# [AIM OF THE TASK]
I'd like the data beneath this line reproduced exactly, without any of its images.

# [LISTED RECORDS]
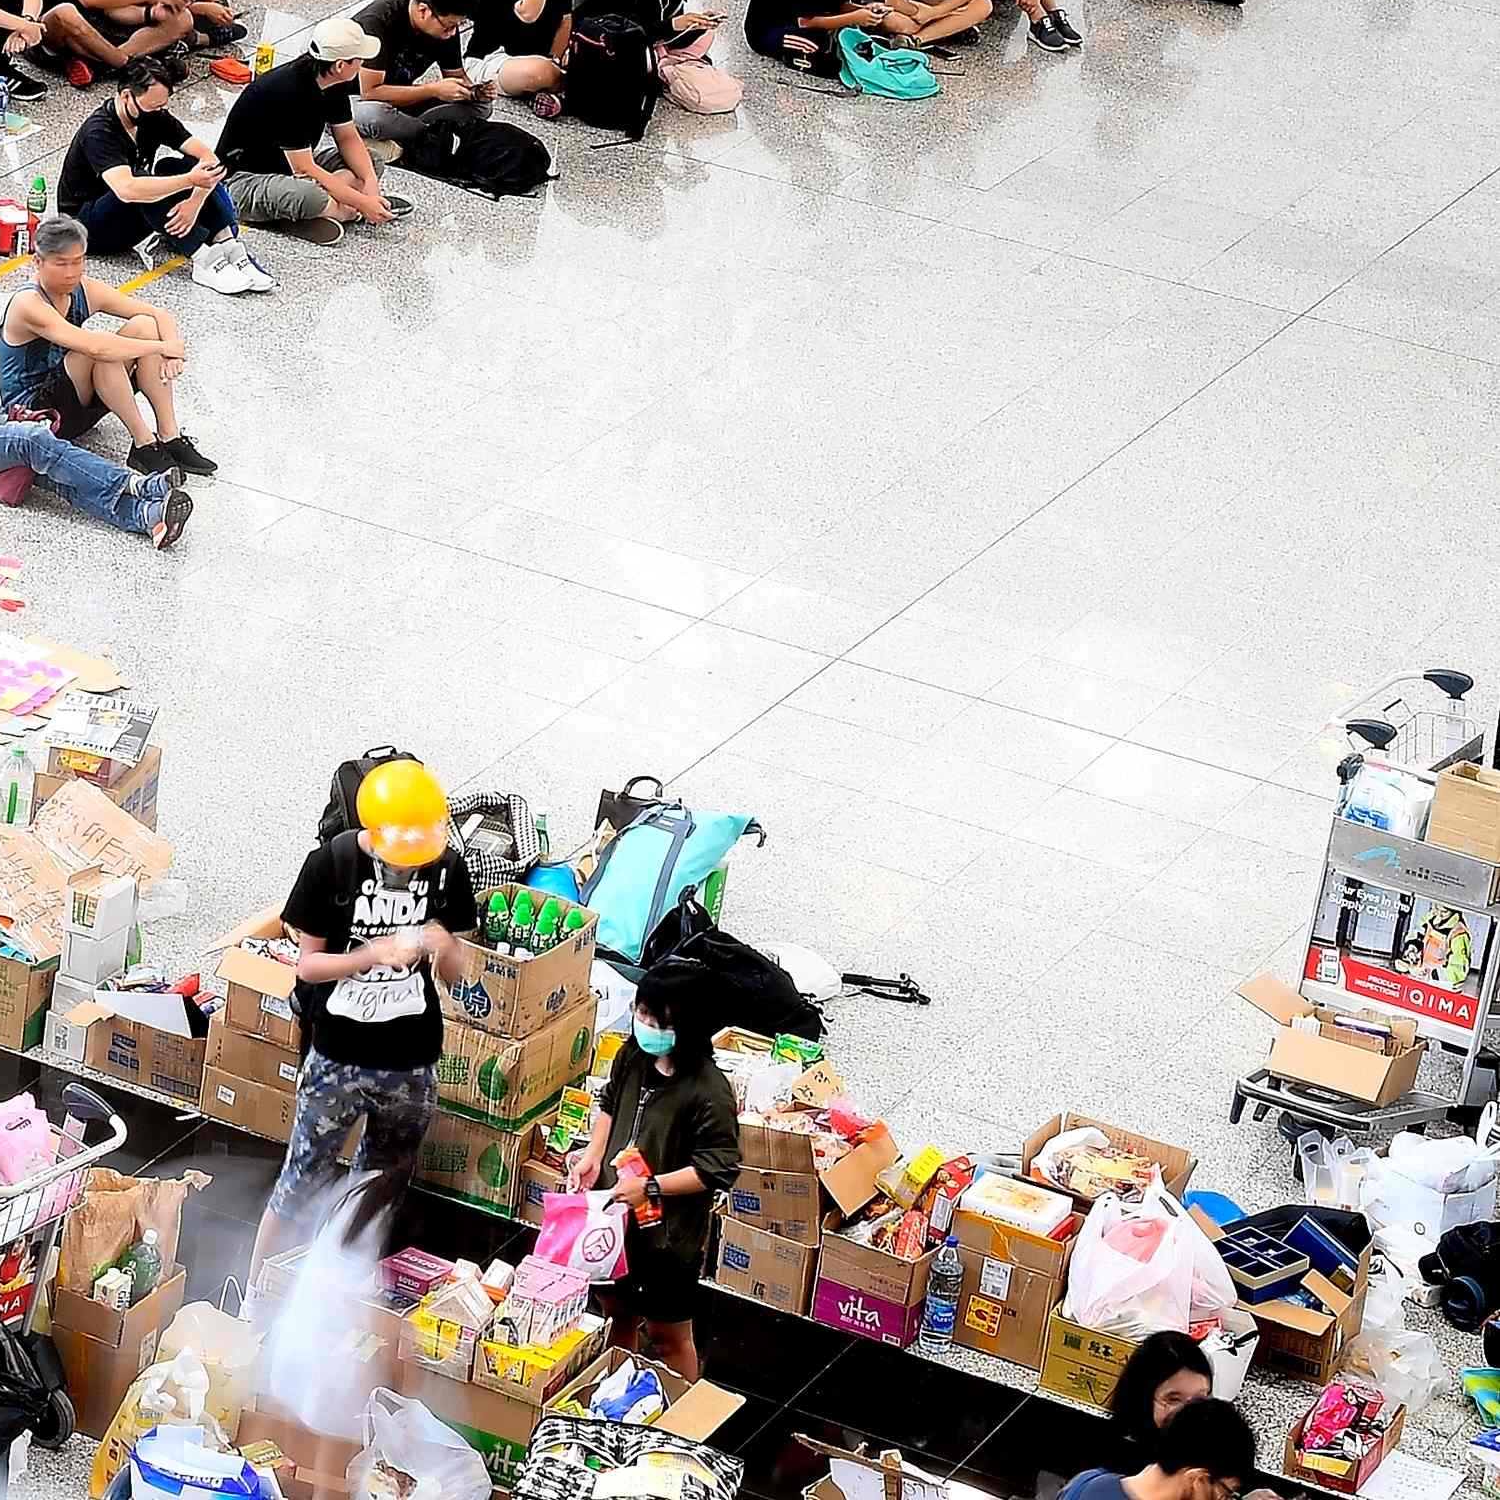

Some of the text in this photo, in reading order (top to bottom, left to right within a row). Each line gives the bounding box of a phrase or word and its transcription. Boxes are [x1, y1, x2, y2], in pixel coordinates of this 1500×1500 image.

[1328, 893, 1365, 913] Supply
[1331, 881, 1356, 895] Your
[1356, 887, 1381, 903] Eyes
[1409, 988, 1471, 1020] QIMA
[837, 1295, 881, 1328] vita
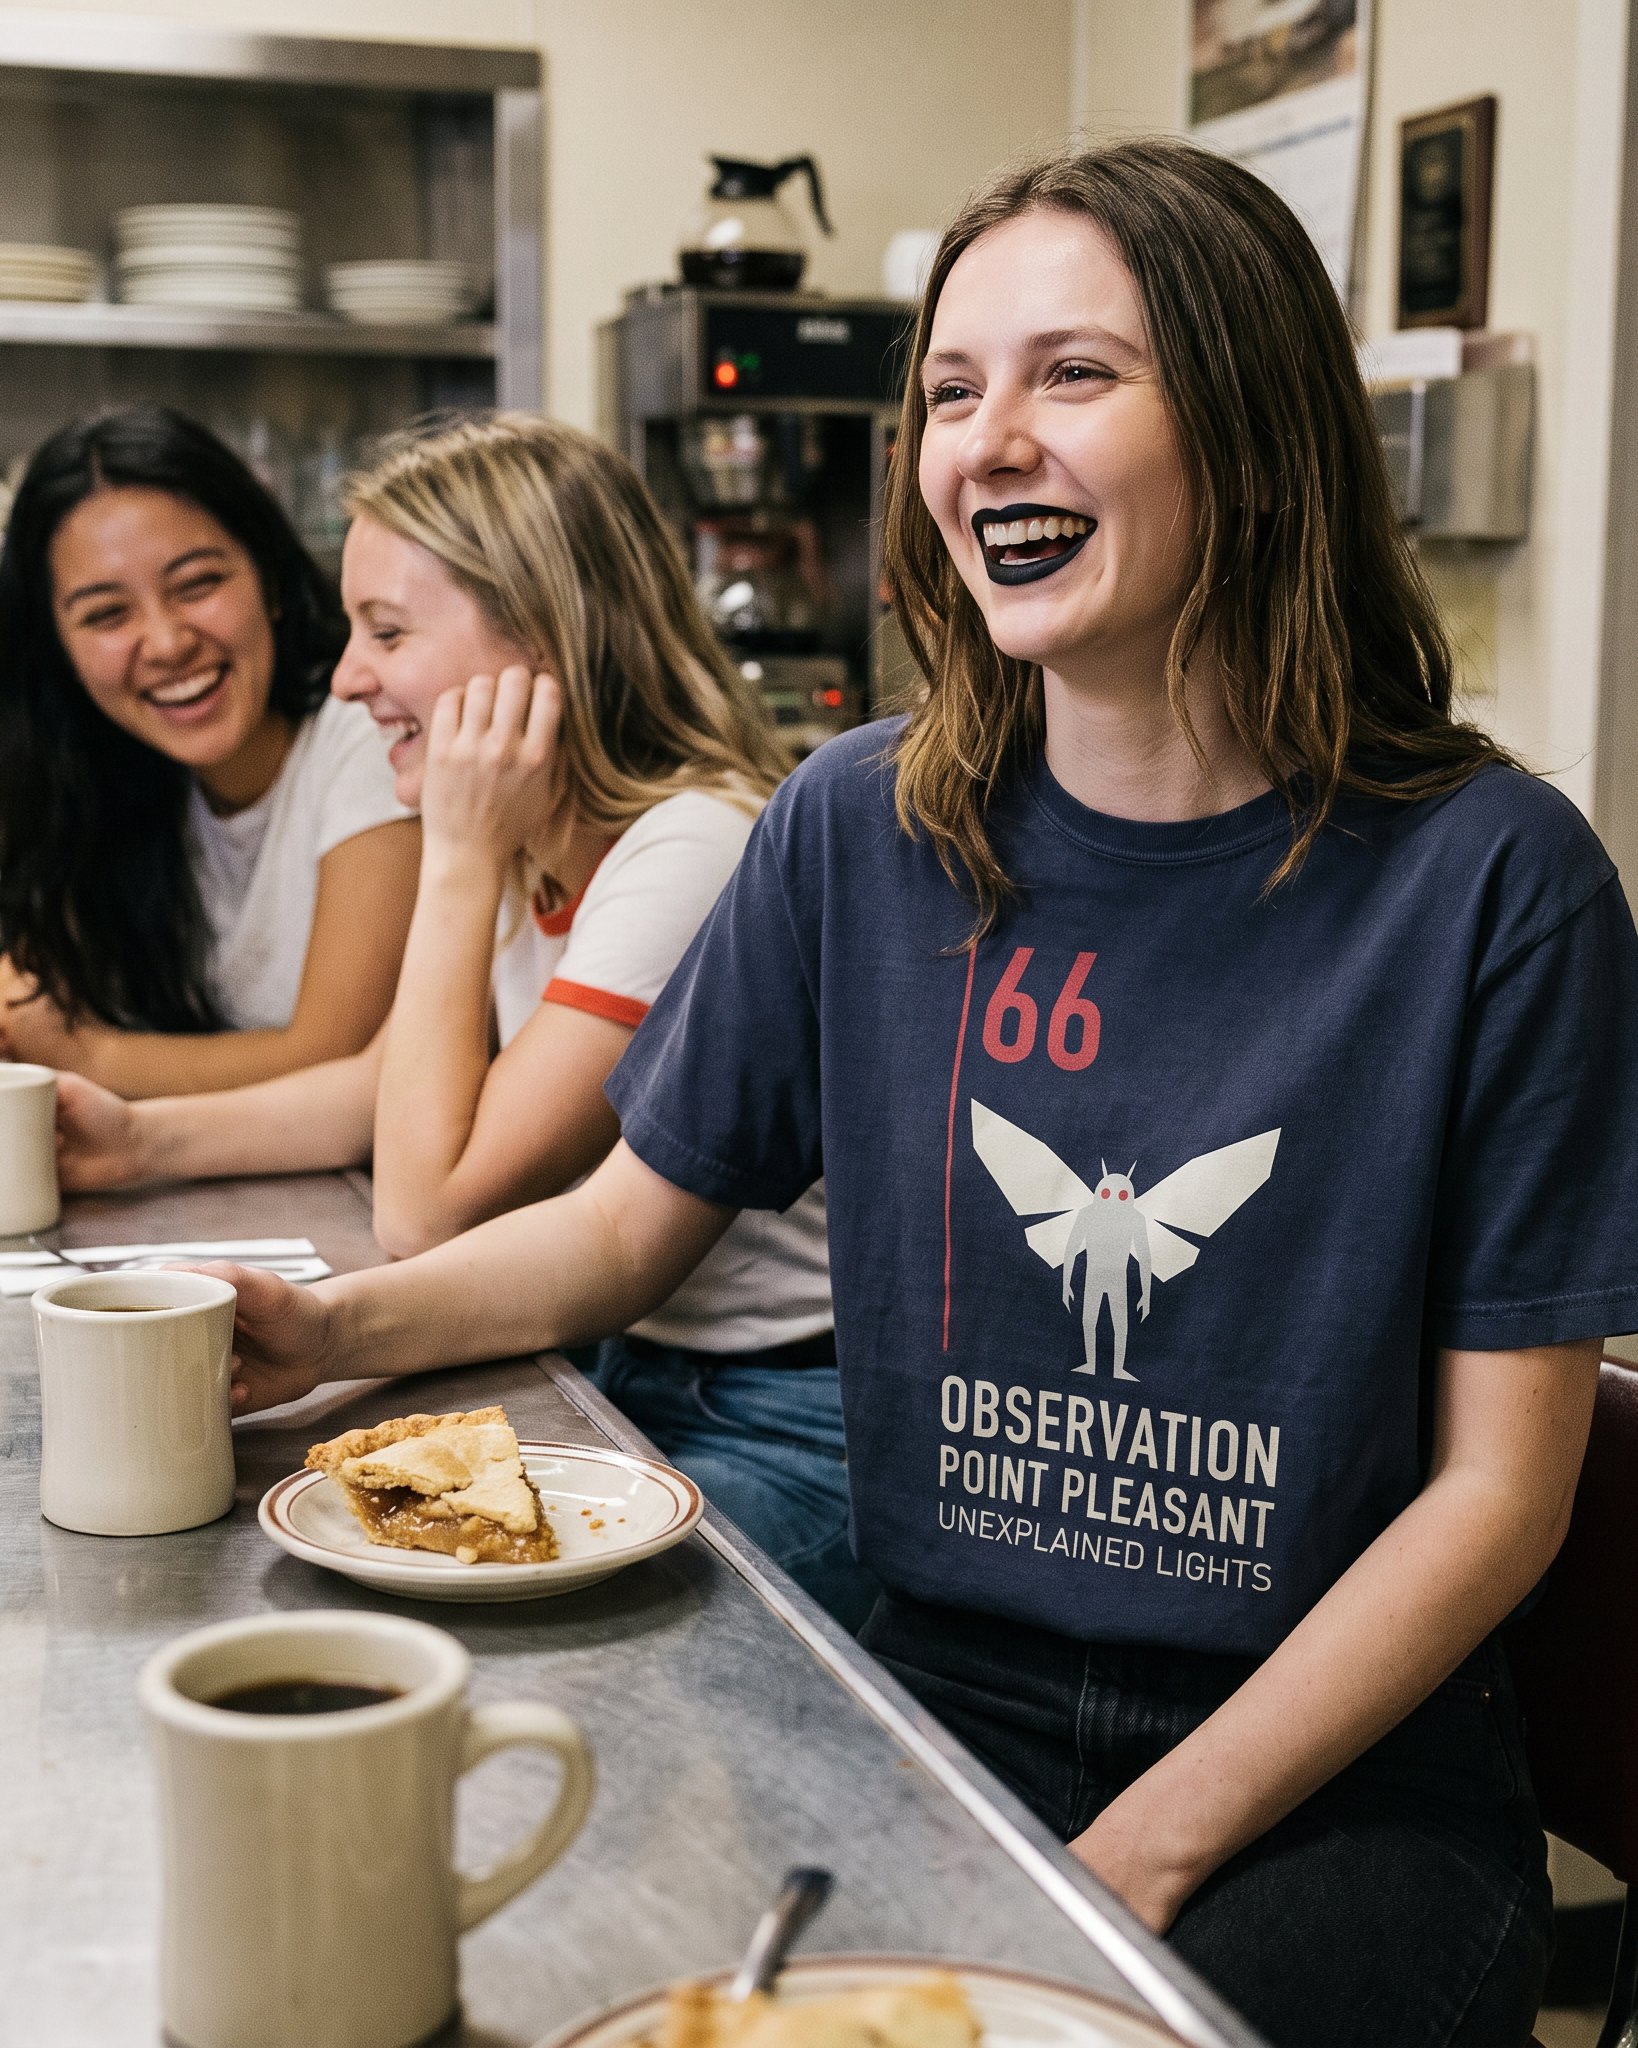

# [RESPONSE]
Some of the text in this photo, in reading order (top to bottom, left to right within a row). Each line gives the bounding box of a phrase or word and its transcription. Boxes are [x1, y1, x2, y2], in pixel coordinates of this 1500×1500 image.

[1328, 893, 1365, 913] Supply
[1331, 881, 1356, 895] Your
[1356, 887, 1381, 903] Eyes
[1409, 988, 1471, 1020] QIMA
[837, 1295, 881, 1328] vita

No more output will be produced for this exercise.